#### Source material

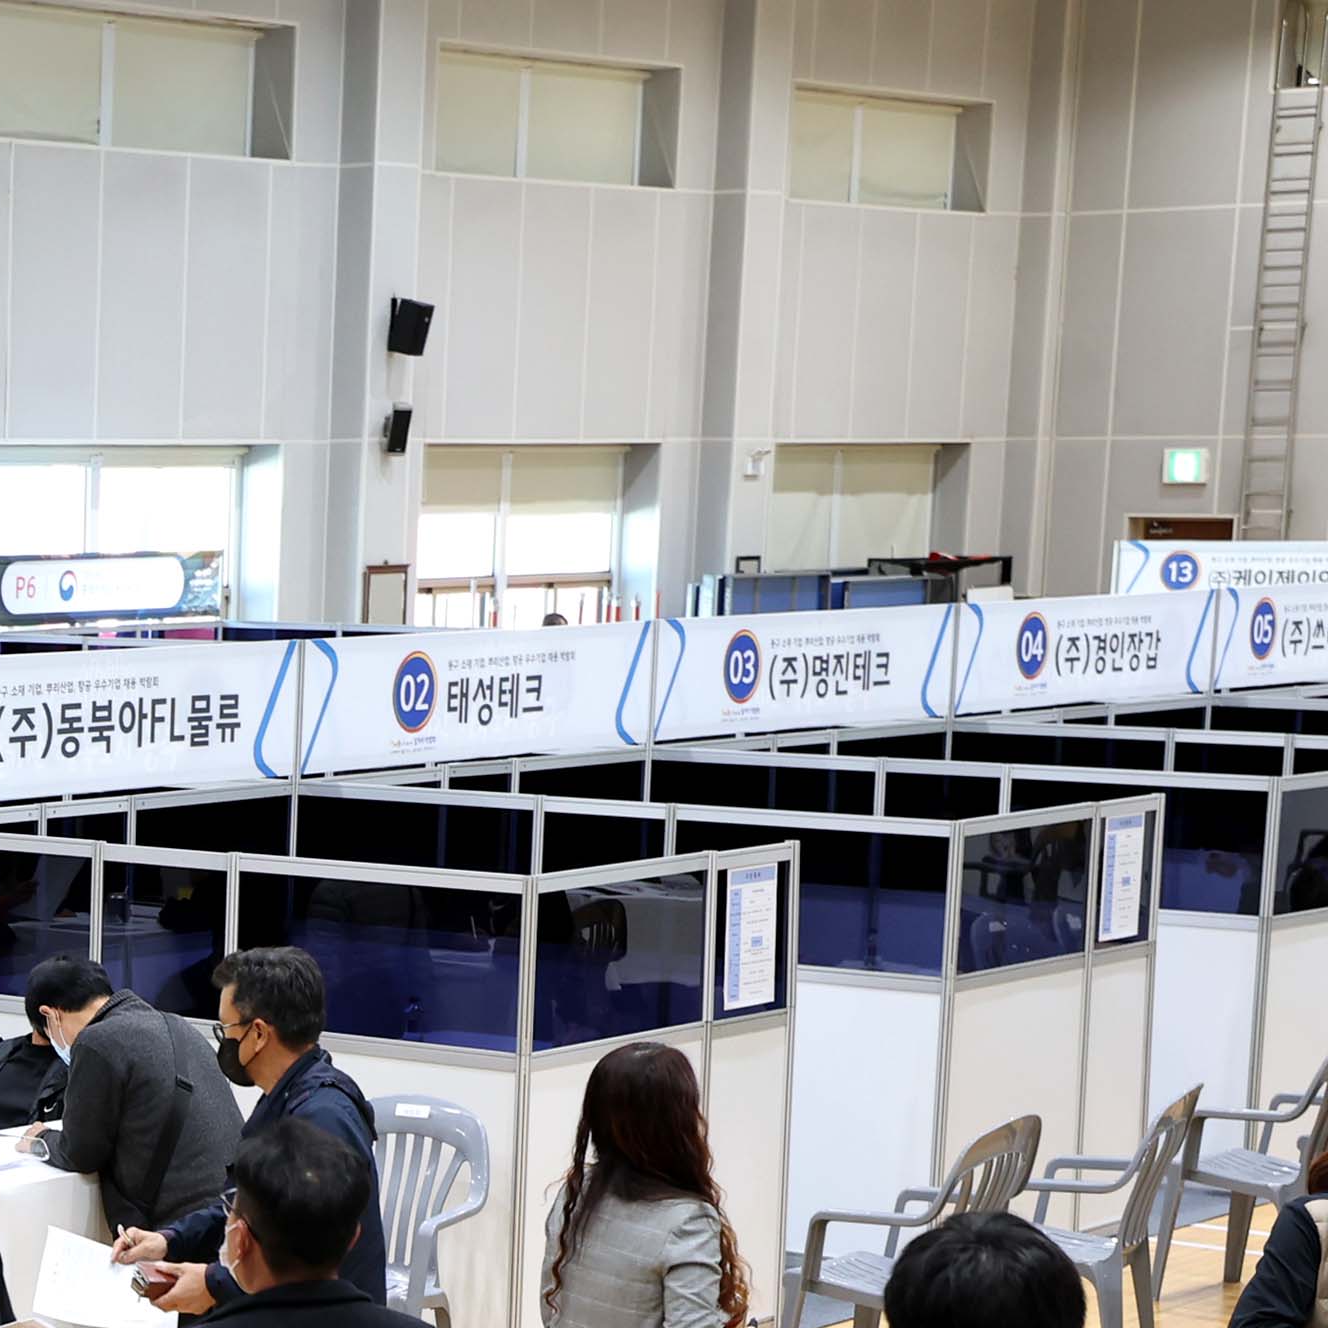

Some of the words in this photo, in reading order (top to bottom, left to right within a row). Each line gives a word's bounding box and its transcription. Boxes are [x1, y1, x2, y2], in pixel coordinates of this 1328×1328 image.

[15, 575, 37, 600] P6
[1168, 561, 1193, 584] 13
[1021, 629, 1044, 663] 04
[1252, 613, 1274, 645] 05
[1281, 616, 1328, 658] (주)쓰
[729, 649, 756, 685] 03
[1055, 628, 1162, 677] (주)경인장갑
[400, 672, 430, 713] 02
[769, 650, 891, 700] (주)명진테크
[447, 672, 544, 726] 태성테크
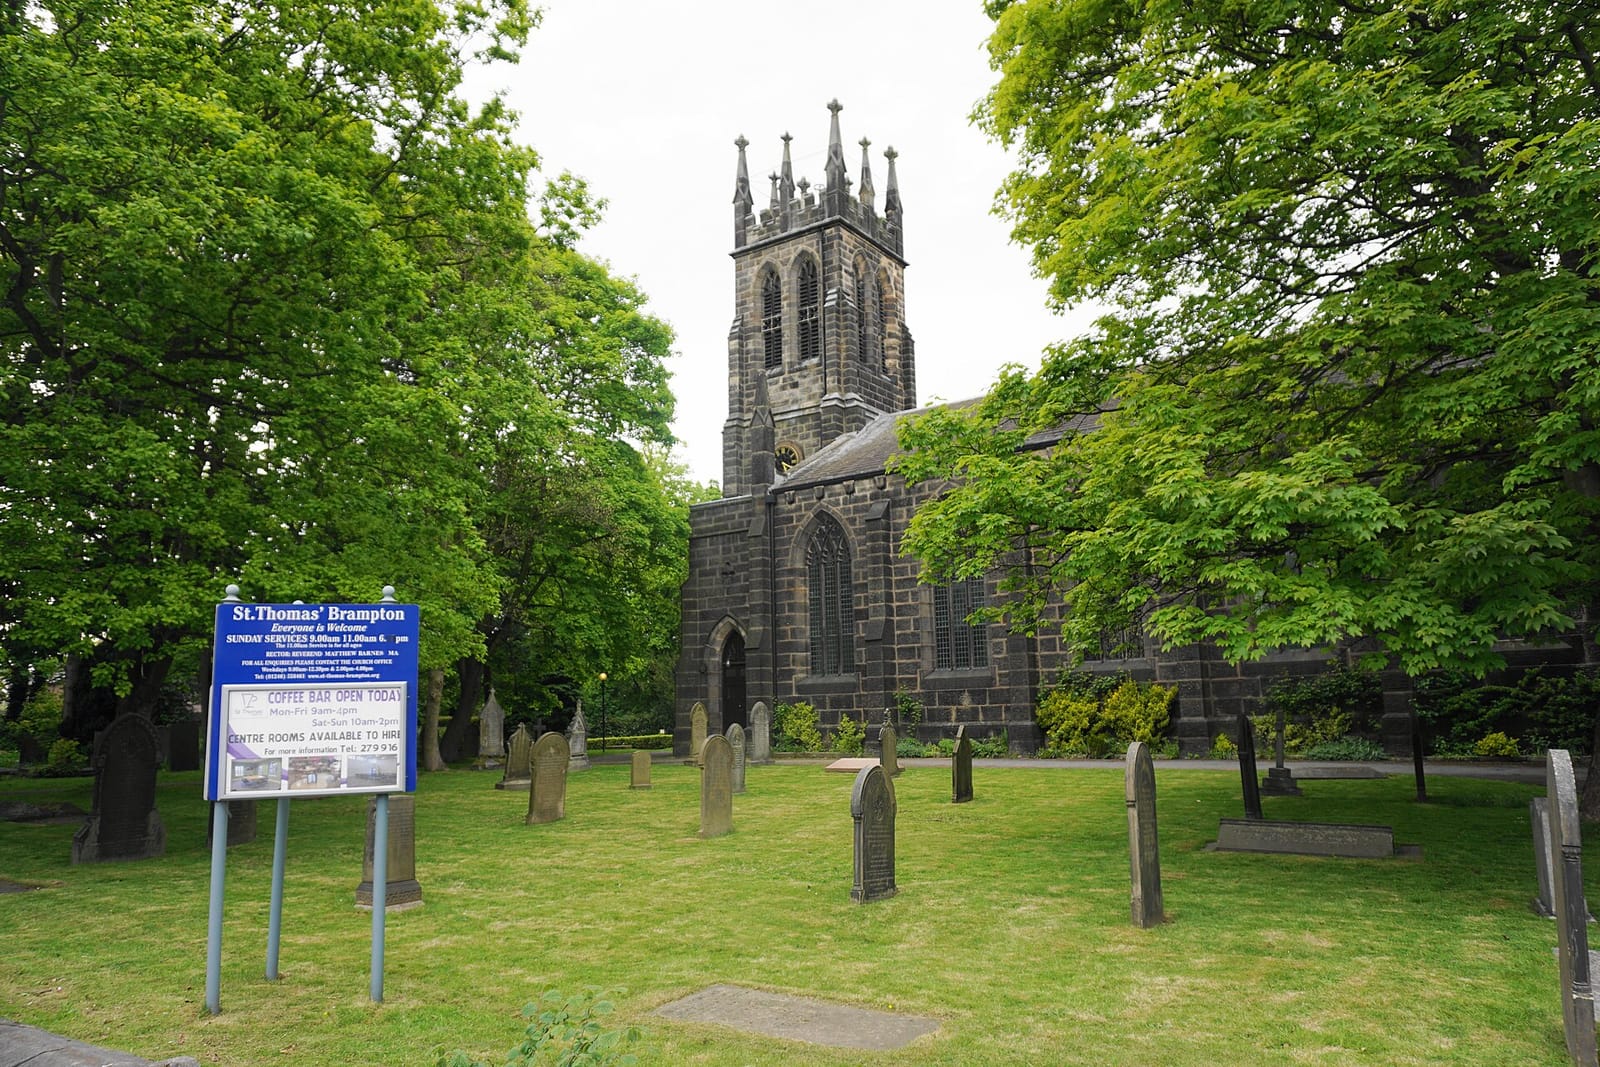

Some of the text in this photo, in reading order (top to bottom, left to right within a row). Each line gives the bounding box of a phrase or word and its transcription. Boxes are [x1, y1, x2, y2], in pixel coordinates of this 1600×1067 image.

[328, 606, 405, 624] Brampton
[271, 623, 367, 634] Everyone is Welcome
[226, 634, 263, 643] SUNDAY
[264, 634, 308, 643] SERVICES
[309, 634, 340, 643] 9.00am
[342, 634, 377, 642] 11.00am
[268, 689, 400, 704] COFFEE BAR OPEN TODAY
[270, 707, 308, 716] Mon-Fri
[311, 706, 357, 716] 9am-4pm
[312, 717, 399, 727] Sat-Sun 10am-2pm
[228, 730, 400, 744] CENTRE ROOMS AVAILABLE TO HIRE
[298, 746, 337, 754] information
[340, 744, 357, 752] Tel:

########

Task requirements =
Copy every record exactly, but skip the pictures.

Result below =
Some of the words in this photo, in reading order (top to bottom, left to right within a row). Each line gives a word's bounding box and its transcription. Boxes are [x1, y1, x2, y2], in pixel coordinates of this 1328×1328 image.

[15, 575, 37, 600] P6
[1168, 561, 1193, 584] 13
[1021, 629, 1044, 663] 04
[1252, 613, 1274, 645] 05
[1281, 616, 1328, 658] (주)쓰
[729, 649, 756, 685] 03
[1055, 628, 1162, 677] (주)경인장갑
[400, 672, 430, 713] 02
[769, 650, 891, 700] (주)명진테크
[447, 672, 544, 726] 태성테크

Some of the text in this photo, in reading order (top to bottom, left to right within a row). Each line gives the bounding box of a phrase or word and its transcription. Boxes are [x1, y1, x2, y2], in pixel coordinates of this 1600×1067 image.

[328, 606, 405, 624] Brampton
[271, 623, 367, 634] Everyone is Welcome
[226, 634, 263, 643] SUNDAY
[264, 634, 308, 643] SERVICES
[309, 634, 340, 643] 9.00am
[342, 634, 377, 642] 11.00am
[268, 689, 400, 704] COFFEE BAR OPEN TODAY
[270, 707, 308, 716] Mon-Fri
[311, 706, 357, 716] 9am-4pm
[312, 717, 399, 727] Sat-Sun 10am-2pm
[228, 730, 400, 744] CENTRE ROOMS AVAILABLE TO HIRE
[298, 746, 337, 754] information
[340, 744, 357, 752] Tel:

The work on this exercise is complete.